- _BRIEF_
Images in the data are to be skipped, while every line is restated exactly as written.

-------- RECORDS FOR THIS TASK --------

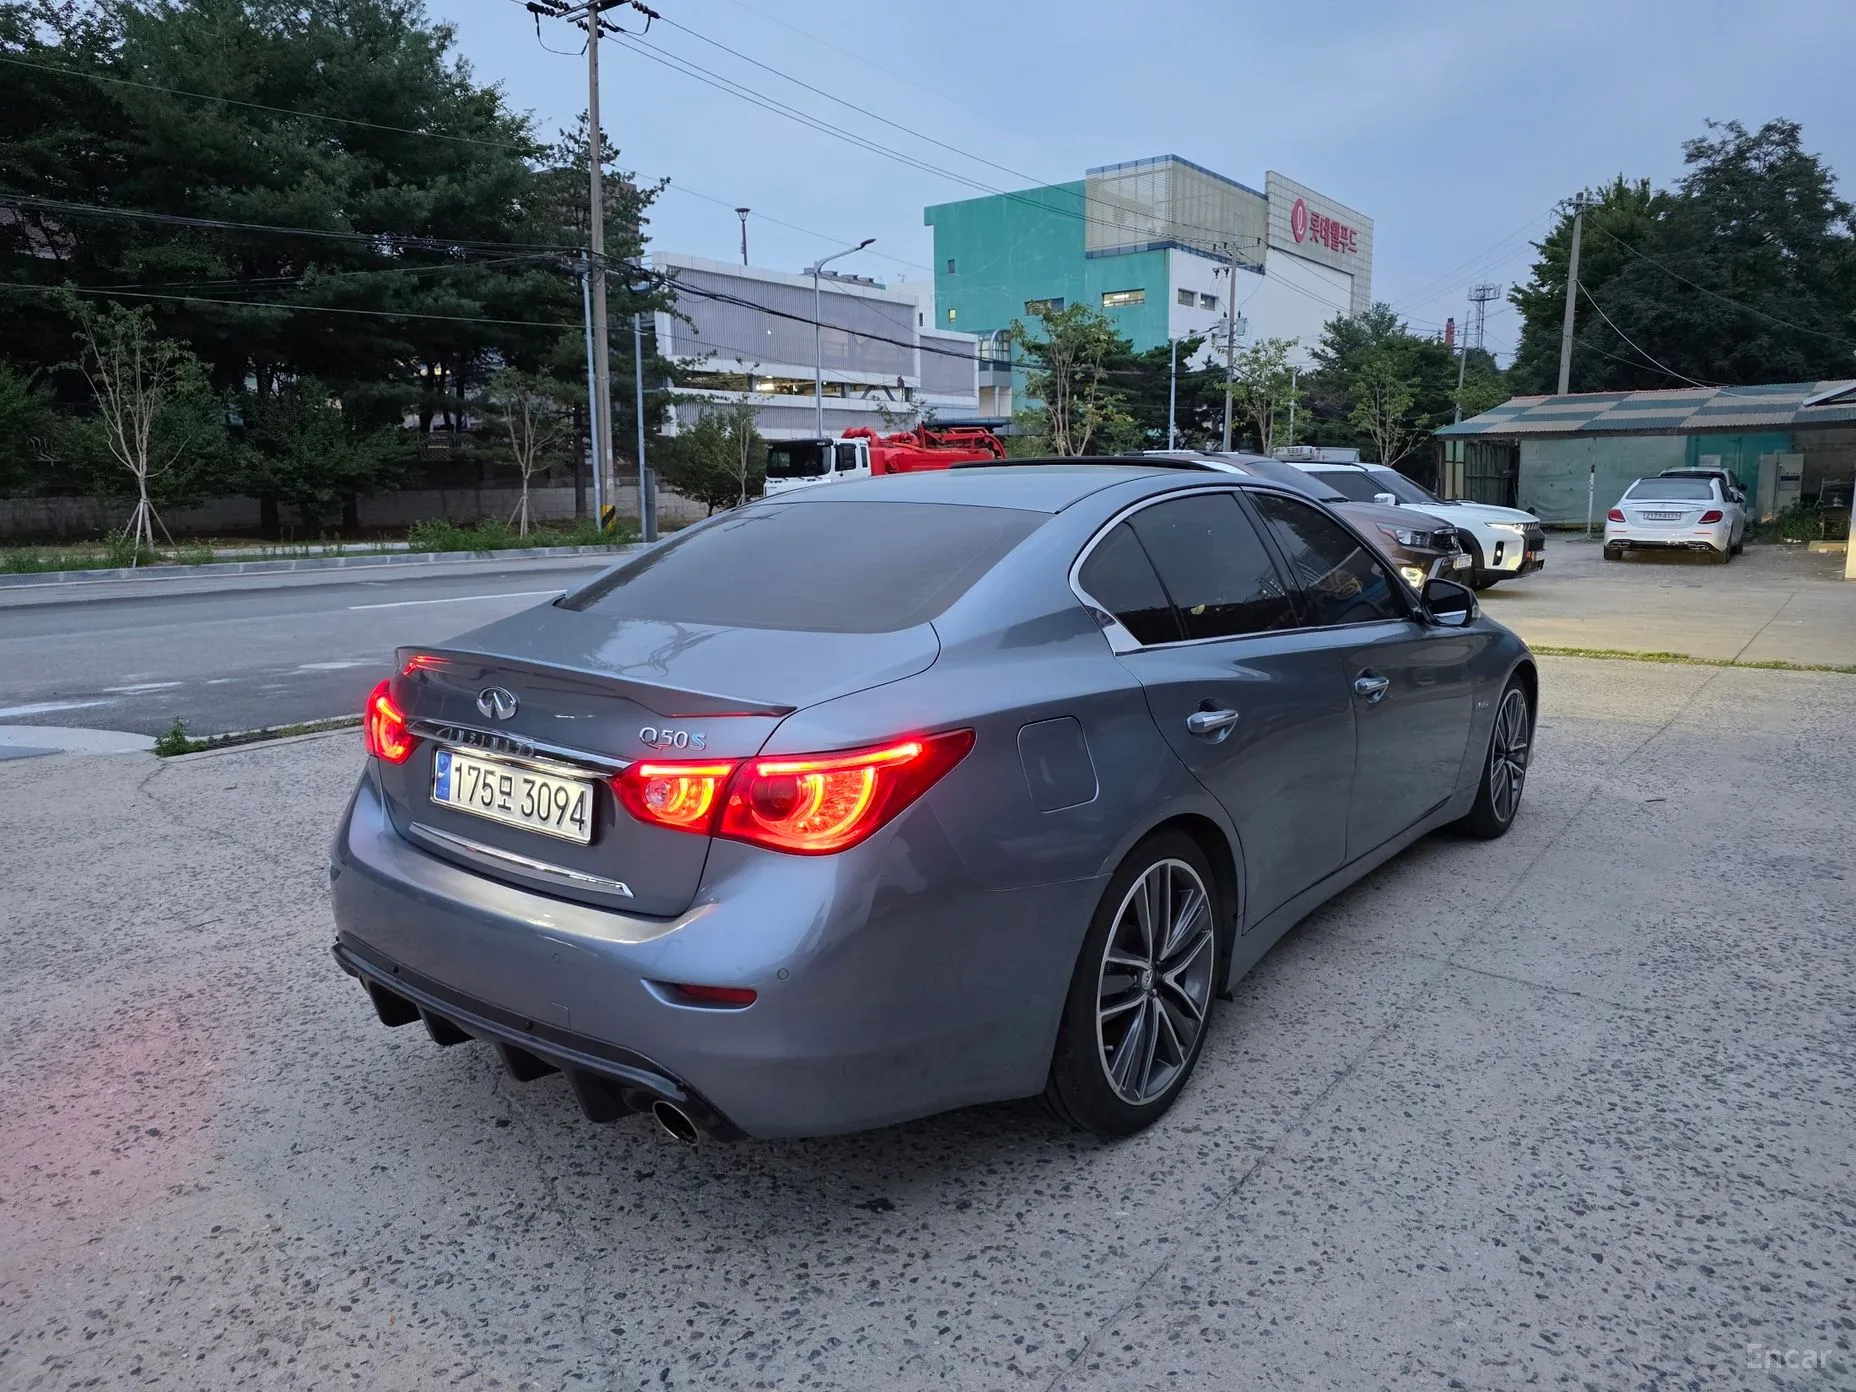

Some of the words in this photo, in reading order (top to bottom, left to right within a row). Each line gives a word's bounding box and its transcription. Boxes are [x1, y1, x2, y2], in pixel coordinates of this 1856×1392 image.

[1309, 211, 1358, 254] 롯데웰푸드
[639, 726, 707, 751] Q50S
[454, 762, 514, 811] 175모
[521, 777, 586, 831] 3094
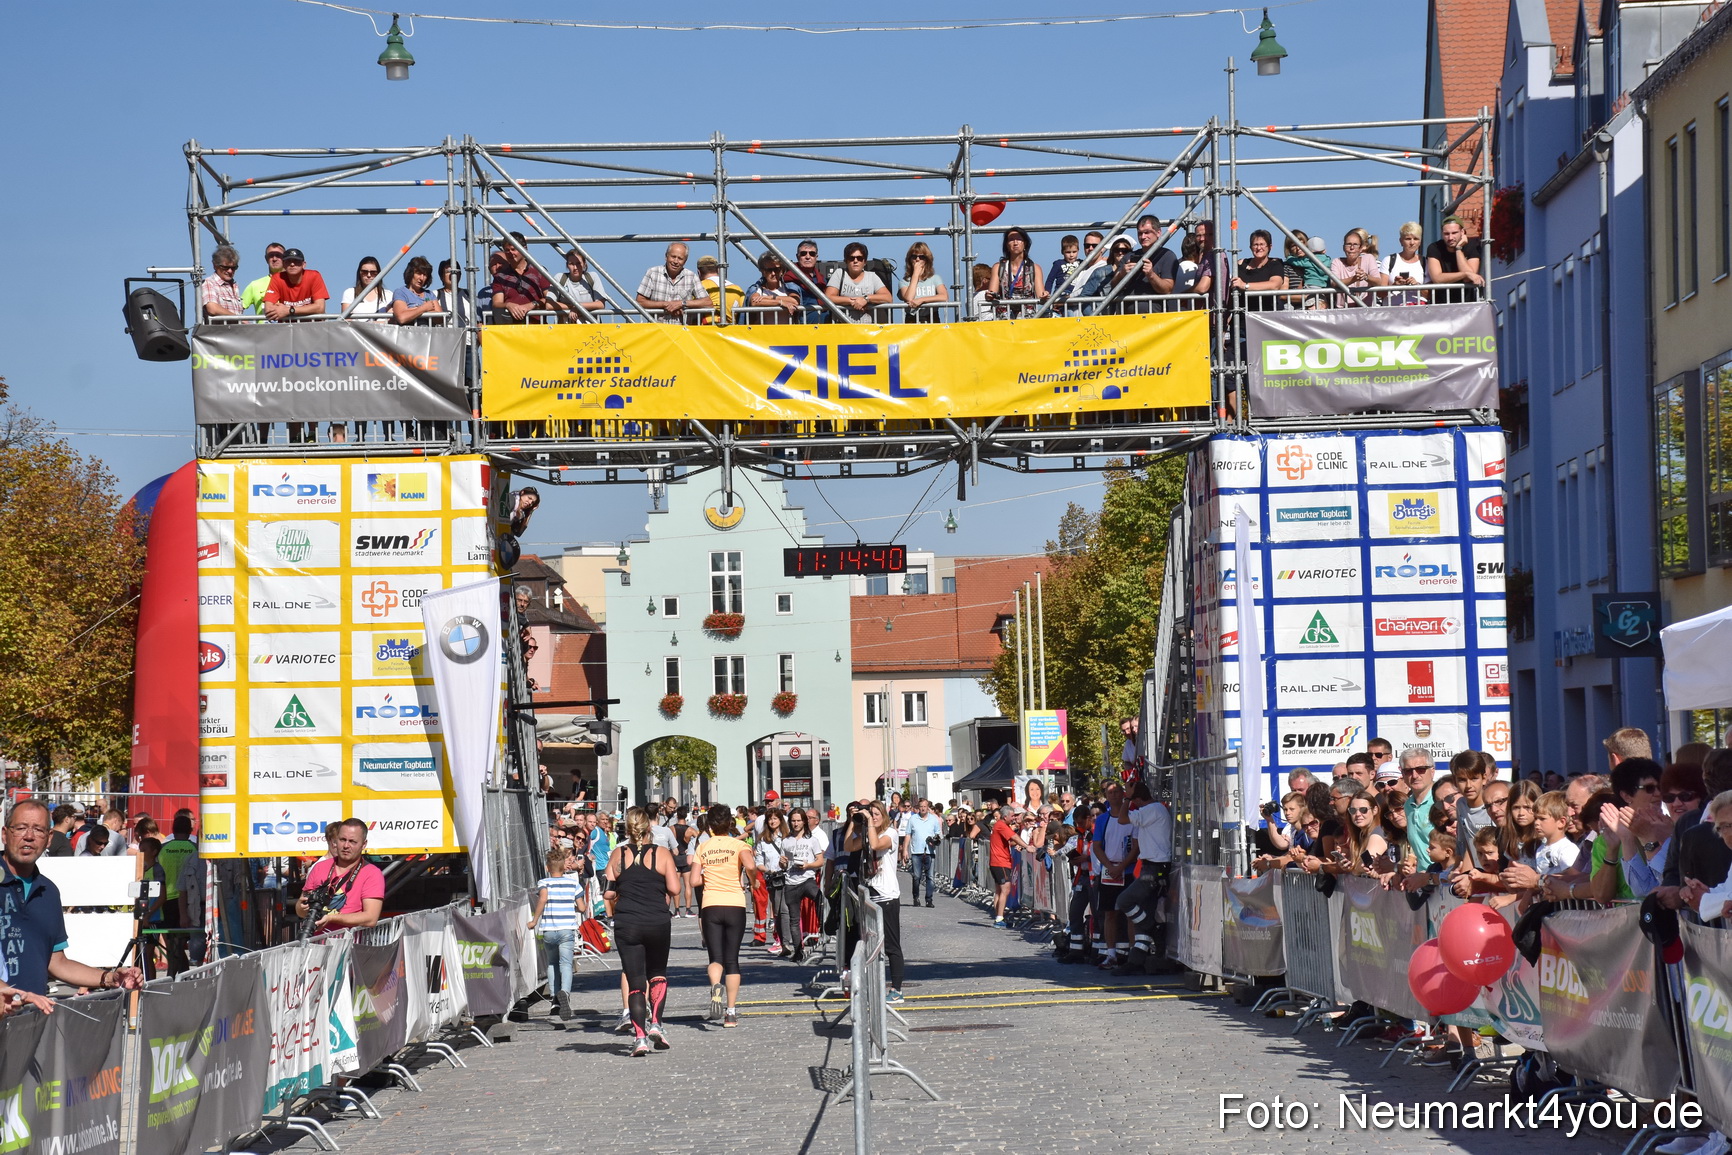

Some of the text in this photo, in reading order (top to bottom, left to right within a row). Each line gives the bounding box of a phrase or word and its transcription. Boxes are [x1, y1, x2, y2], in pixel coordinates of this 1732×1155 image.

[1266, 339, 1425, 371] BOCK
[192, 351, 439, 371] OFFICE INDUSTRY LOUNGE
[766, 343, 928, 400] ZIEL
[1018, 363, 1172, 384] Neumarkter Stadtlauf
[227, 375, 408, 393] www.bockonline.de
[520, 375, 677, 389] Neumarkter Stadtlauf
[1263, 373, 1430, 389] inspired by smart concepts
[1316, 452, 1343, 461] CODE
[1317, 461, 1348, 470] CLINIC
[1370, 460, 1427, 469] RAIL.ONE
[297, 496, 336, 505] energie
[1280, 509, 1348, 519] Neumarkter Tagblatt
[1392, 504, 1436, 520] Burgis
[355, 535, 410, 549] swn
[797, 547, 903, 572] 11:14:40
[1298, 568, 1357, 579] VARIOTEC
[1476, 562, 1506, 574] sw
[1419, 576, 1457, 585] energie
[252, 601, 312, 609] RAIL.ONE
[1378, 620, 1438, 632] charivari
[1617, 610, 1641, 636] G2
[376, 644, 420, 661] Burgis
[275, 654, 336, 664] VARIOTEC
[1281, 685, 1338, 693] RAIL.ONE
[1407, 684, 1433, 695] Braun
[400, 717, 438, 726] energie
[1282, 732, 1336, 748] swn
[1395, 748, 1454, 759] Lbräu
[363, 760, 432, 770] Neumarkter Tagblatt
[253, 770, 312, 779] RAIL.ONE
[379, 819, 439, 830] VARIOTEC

--------

- _EXERCISE SOLUTION_
Some of the words in this photo, in reading order (top to bottom, left to right within a row). Each line gives a word's bounding box and its transcription. Boxes are [x1, y1, x2, y2], in pixel coordinates of this 1856×1392 image.

[1309, 211, 1358, 254] 롯데웰푸드
[639, 726, 707, 751] Q50S
[454, 762, 514, 811] 175모
[521, 777, 586, 831] 3094

Some of the text in this photo, in reading order (top to bottom, left to right within a row). Each line gives the bounding box of a phrase or word and its transcription. Boxes are [x1, y1, x2, y2], in pixel coordinates of this 1732×1155 image.

[1266, 339, 1425, 371] BOCK
[192, 351, 439, 371] OFFICE INDUSTRY LOUNGE
[766, 343, 928, 400] ZIEL
[1018, 363, 1172, 384] Neumarkter Stadtlauf
[227, 375, 408, 393] www.bockonline.de
[520, 375, 677, 389] Neumarkter Stadtlauf
[1263, 373, 1430, 389] inspired by smart concepts
[1316, 452, 1343, 461] CODE
[1317, 461, 1348, 470] CLINIC
[1370, 460, 1427, 469] RAIL.ONE
[297, 496, 336, 505] energie
[1280, 509, 1348, 519] Neumarkter Tagblatt
[1392, 504, 1436, 520] Burgis
[355, 535, 410, 549] swn
[797, 547, 903, 572] 11:14:40
[1298, 568, 1357, 579] VARIOTEC
[1476, 562, 1506, 574] sw
[1419, 576, 1457, 585] energie
[252, 601, 312, 609] RAIL.ONE
[1378, 620, 1438, 632] charivari
[1617, 610, 1641, 636] G2
[376, 644, 420, 661] Burgis
[275, 654, 336, 664] VARIOTEC
[1281, 685, 1338, 693] RAIL.ONE
[1407, 684, 1433, 695] Braun
[400, 717, 438, 726] energie
[1282, 732, 1336, 748] swn
[1395, 748, 1454, 759] Lbräu
[363, 760, 432, 770] Neumarkter Tagblatt
[253, 770, 312, 779] RAIL.ONE
[379, 819, 439, 830] VARIOTEC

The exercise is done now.